= Beginning of Section =

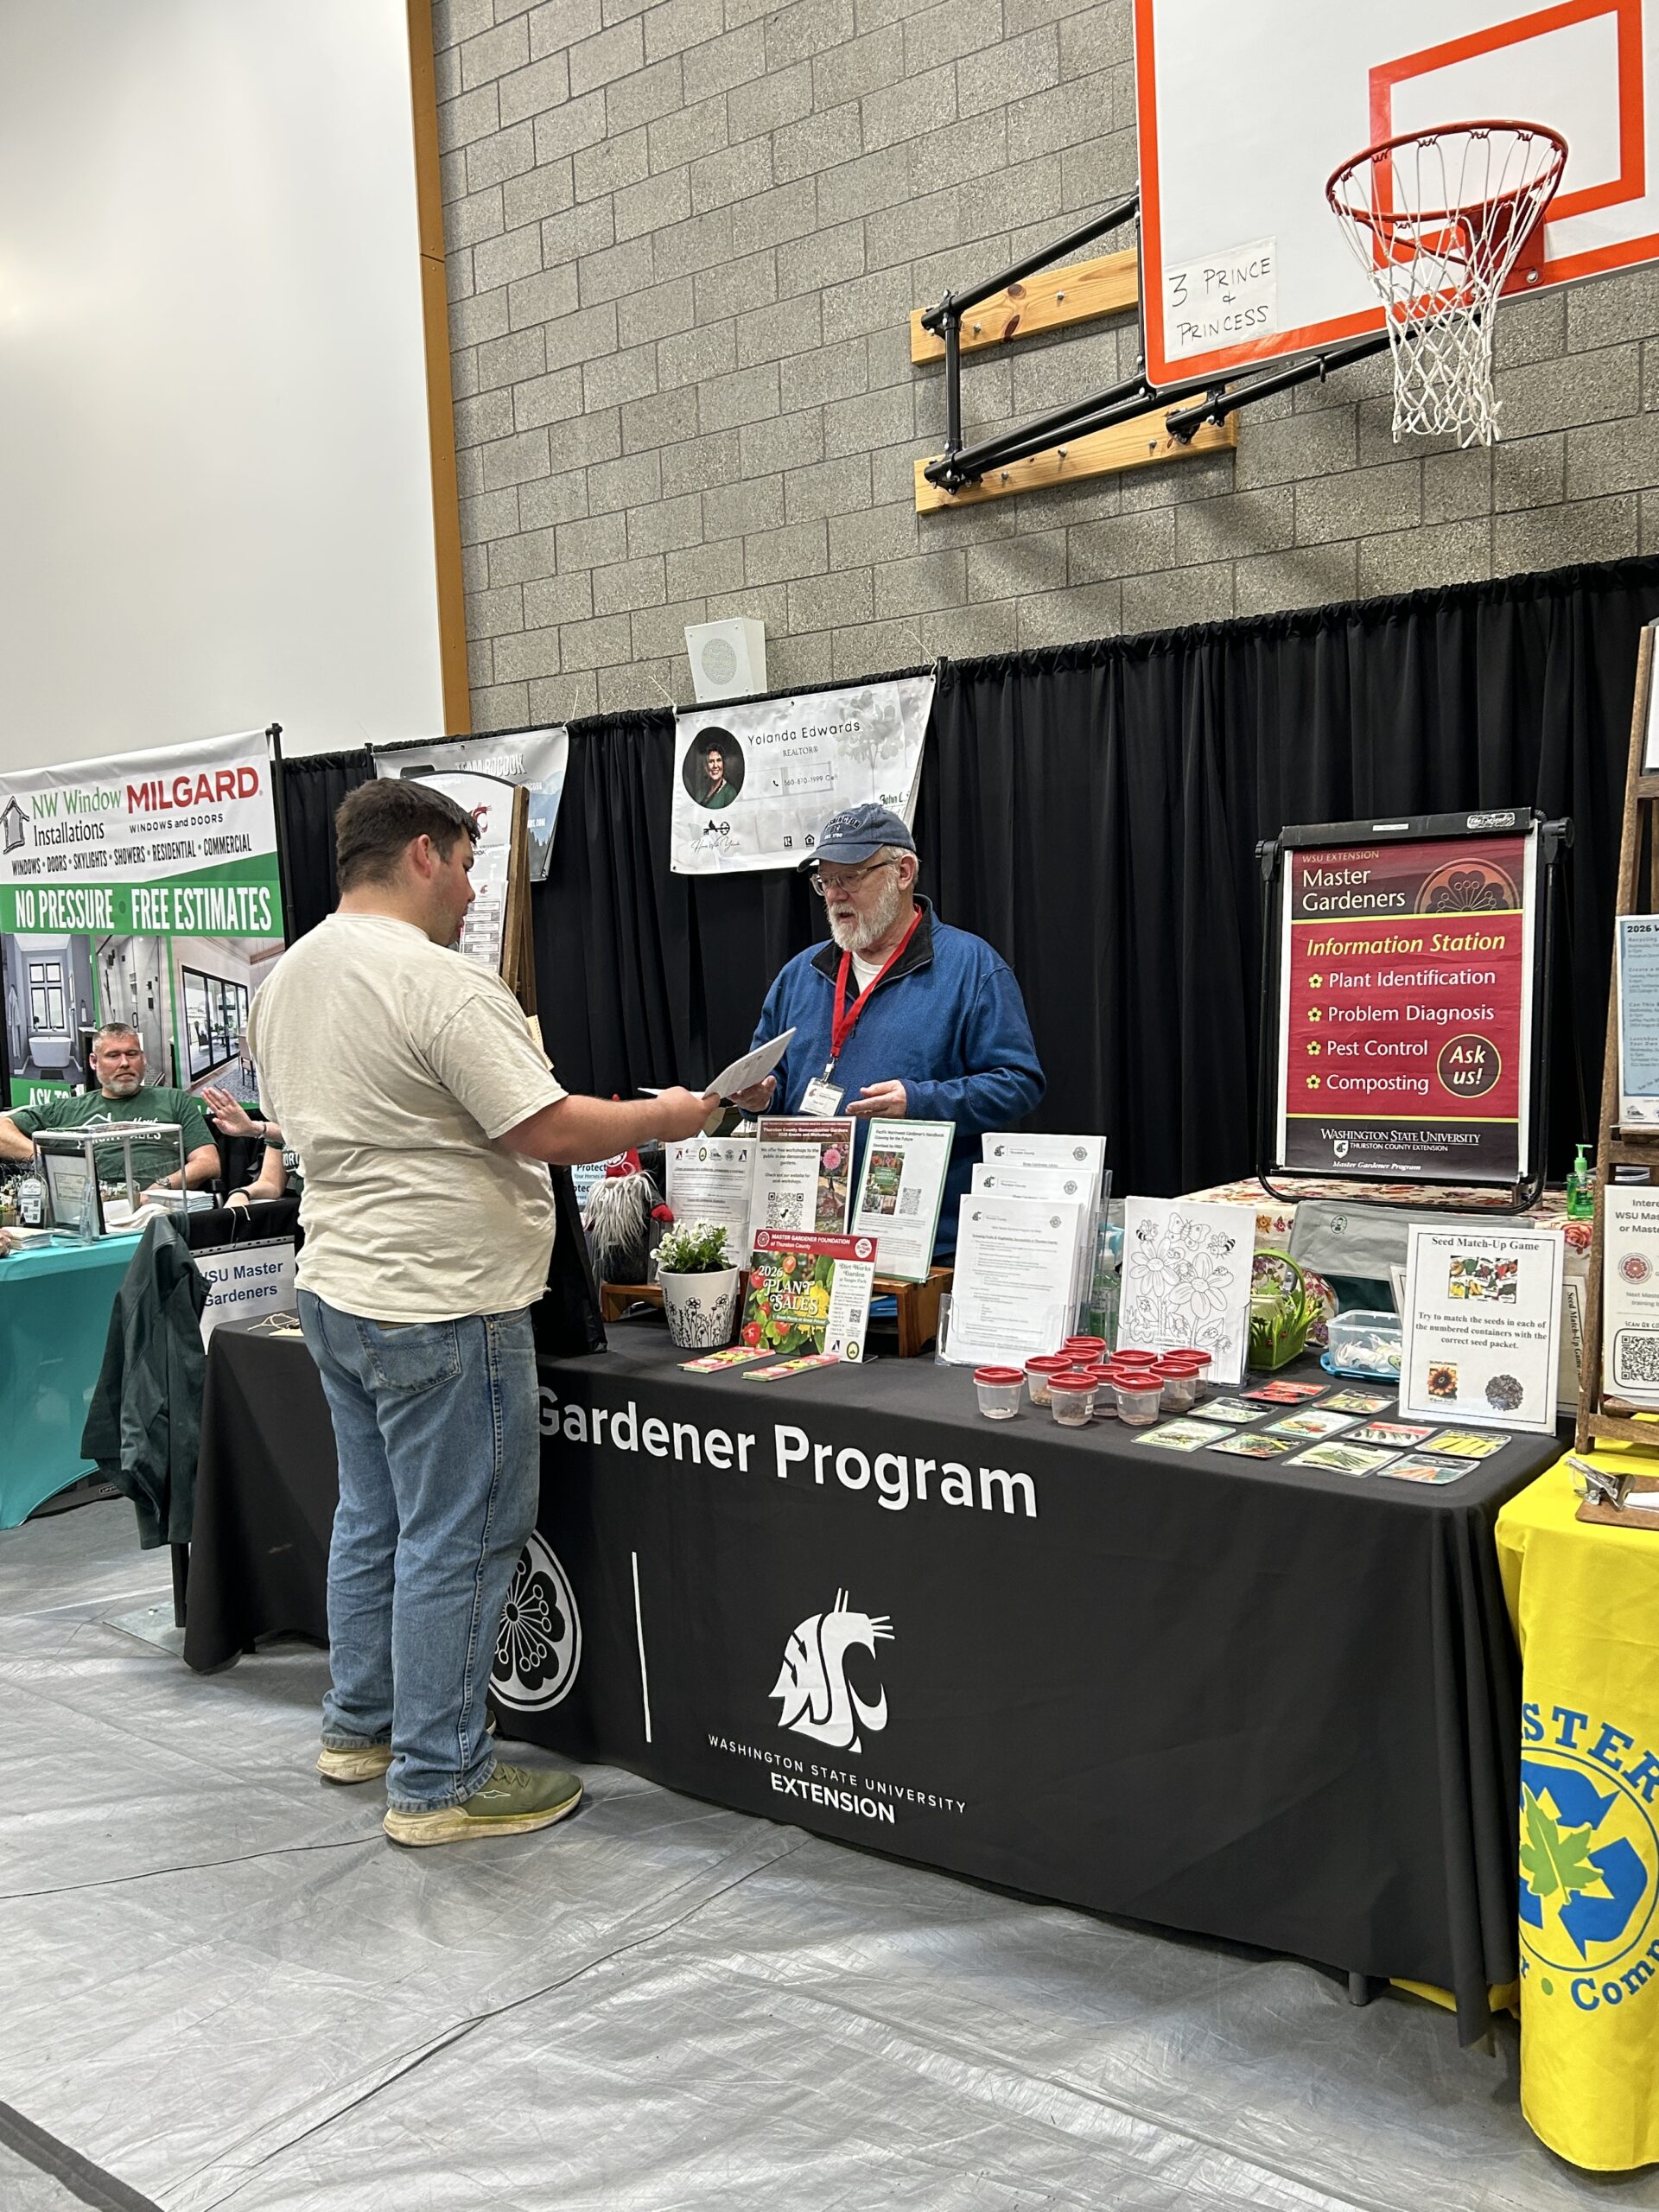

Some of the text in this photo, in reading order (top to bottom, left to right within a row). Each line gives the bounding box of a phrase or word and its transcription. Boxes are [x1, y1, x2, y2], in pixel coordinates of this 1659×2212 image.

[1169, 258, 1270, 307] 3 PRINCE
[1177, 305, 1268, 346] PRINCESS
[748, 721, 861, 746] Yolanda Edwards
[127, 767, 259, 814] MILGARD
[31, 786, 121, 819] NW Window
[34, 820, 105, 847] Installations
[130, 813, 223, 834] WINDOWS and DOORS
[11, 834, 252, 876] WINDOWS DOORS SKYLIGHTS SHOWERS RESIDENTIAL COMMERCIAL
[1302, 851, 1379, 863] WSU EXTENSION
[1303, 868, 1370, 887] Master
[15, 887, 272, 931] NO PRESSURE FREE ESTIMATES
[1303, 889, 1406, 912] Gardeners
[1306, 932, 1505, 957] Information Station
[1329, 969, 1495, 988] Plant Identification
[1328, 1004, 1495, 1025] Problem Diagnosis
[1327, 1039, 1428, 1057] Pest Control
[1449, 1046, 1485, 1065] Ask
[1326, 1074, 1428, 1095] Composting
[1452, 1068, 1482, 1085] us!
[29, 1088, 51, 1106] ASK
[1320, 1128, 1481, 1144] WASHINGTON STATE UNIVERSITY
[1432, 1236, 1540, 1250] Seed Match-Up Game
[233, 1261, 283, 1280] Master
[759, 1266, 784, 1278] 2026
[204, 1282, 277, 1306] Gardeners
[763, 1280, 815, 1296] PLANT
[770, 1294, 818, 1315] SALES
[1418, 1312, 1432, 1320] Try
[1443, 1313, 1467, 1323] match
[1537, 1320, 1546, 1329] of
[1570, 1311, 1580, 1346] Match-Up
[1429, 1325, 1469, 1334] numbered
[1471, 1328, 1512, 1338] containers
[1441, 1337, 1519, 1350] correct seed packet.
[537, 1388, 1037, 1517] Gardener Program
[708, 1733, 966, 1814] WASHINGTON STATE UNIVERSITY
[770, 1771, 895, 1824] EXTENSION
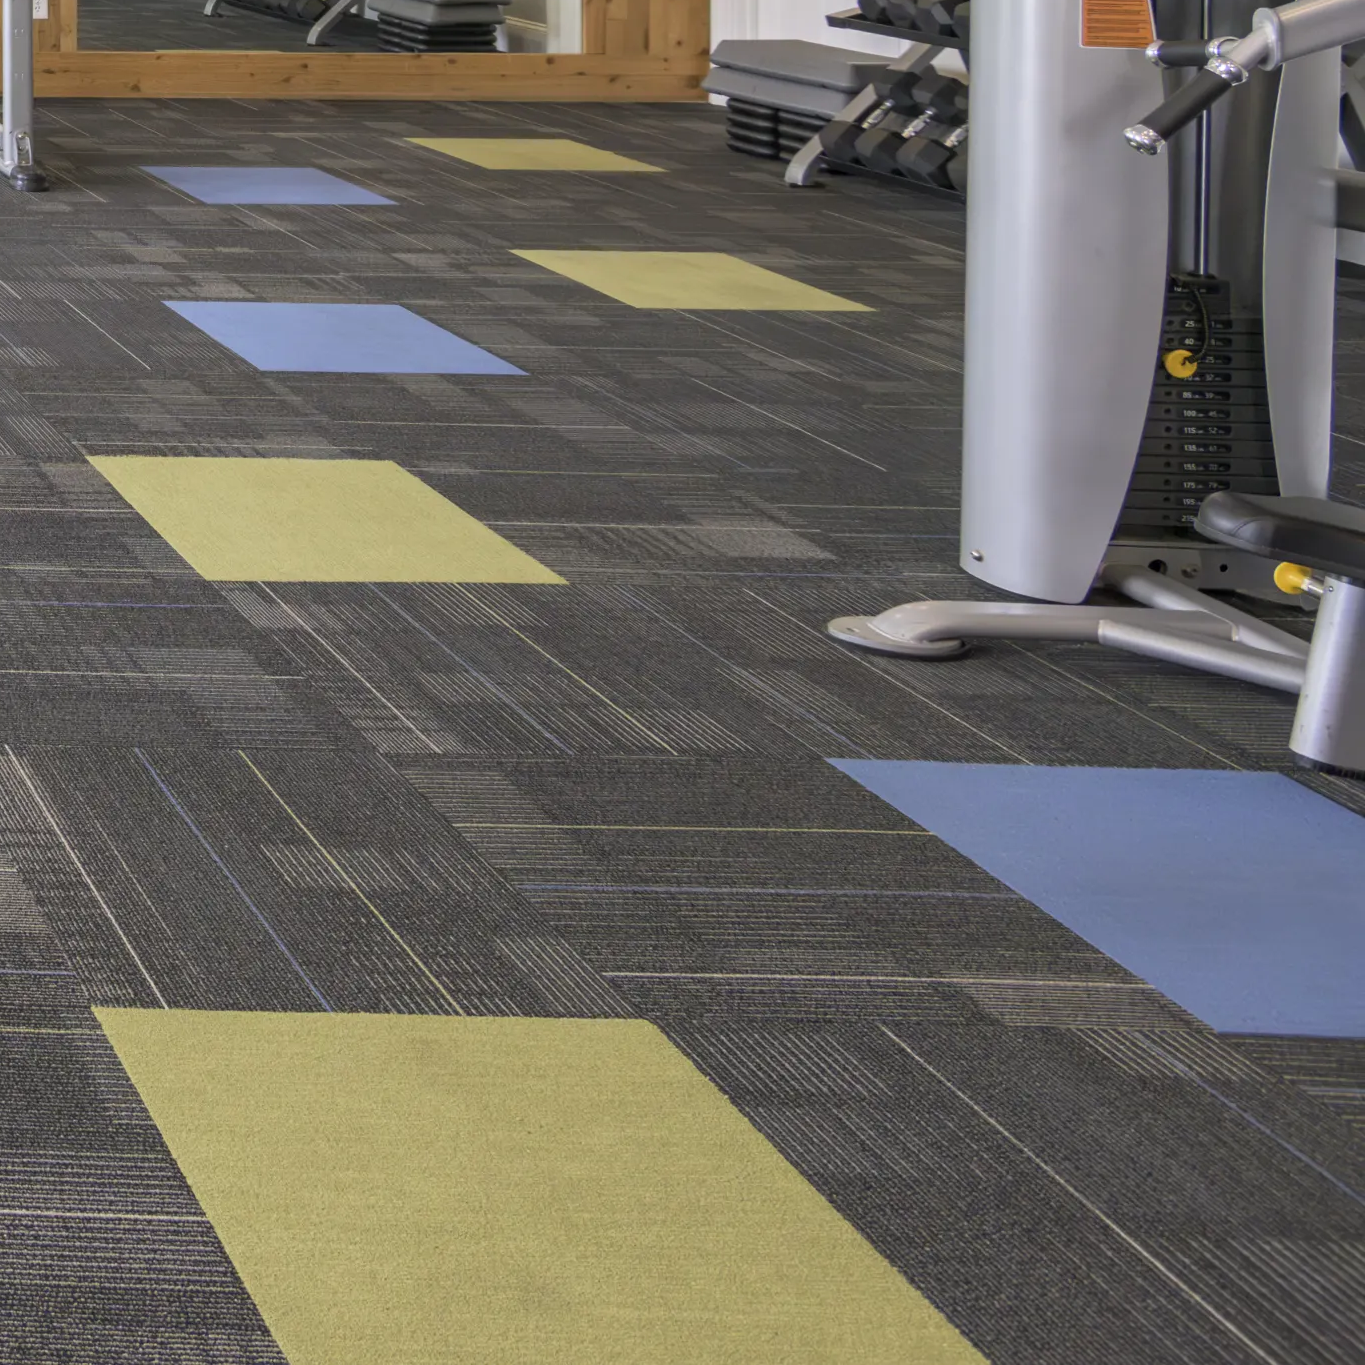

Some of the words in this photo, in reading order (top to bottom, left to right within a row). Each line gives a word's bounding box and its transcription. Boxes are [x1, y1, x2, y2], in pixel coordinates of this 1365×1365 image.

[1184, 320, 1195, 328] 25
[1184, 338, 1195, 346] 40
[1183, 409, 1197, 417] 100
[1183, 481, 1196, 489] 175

= End of Section =

### TASK DIRECTIONS:
Each record must be returned exactly as it stands, and the images omitted.

### EXPECTED OUTPUT:
Some of the text in this photo, in reading order (top to bottom, left to right within a row). Each line gives the bounding box of a phrase or word and its transcription. Boxes are [x1, y1, x2, y2], in pixel coordinates of this 1659×2212 image.

[1169, 258, 1270, 307] 3 PRINCE
[1177, 305, 1268, 346] PRINCESS
[748, 721, 861, 746] Yolanda Edwards
[127, 767, 259, 814] MILGARD
[31, 786, 121, 819] NW Window
[34, 820, 105, 847] Installations
[130, 813, 223, 834] WINDOWS and DOORS
[11, 834, 252, 876] WINDOWS DOORS SKYLIGHTS SHOWERS RESIDENTIAL COMMERCIAL
[1302, 851, 1379, 863] WSU EXTENSION
[1303, 868, 1370, 887] Master
[15, 887, 272, 931] NO PRESSURE FREE ESTIMATES
[1303, 889, 1406, 912] Gardeners
[1306, 932, 1505, 957] Information Station
[1329, 969, 1495, 988] Plant Identification
[1328, 1004, 1495, 1025] Problem Diagnosis
[1327, 1039, 1428, 1057] Pest Control
[1449, 1046, 1485, 1065] Ask
[1326, 1074, 1428, 1095] Composting
[1452, 1068, 1482, 1085] us!
[29, 1088, 51, 1106] ASK
[1320, 1128, 1481, 1144] WASHINGTON STATE UNIVERSITY
[1432, 1236, 1540, 1250] Seed Match-Up Game
[233, 1261, 283, 1280] Master
[759, 1266, 784, 1278] 2026
[204, 1282, 277, 1306] Gardeners
[763, 1280, 815, 1296] PLANT
[770, 1294, 818, 1315] SALES
[1418, 1312, 1432, 1320] Try
[1443, 1313, 1467, 1323] match
[1537, 1320, 1546, 1329] of
[1570, 1311, 1580, 1346] Match-Up
[1429, 1325, 1469, 1334] numbered
[1471, 1328, 1512, 1338] containers
[1441, 1337, 1519, 1350] correct seed packet.
[537, 1388, 1037, 1517] Gardener Program
[708, 1733, 966, 1814] WASHINGTON STATE UNIVERSITY
[770, 1771, 895, 1824] EXTENSION

Some of the words in this photo, in reading order (top to bottom, left to right within a row). Each line gives a word's bounding box and its transcription. Boxes are [x1, y1, x2, y2], in pixel coordinates of this 1365×1365 image.

[1184, 320, 1195, 328] 25
[1184, 338, 1195, 346] 40
[1183, 409, 1197, 417] 100
[1183, 481, 1196, 489] 175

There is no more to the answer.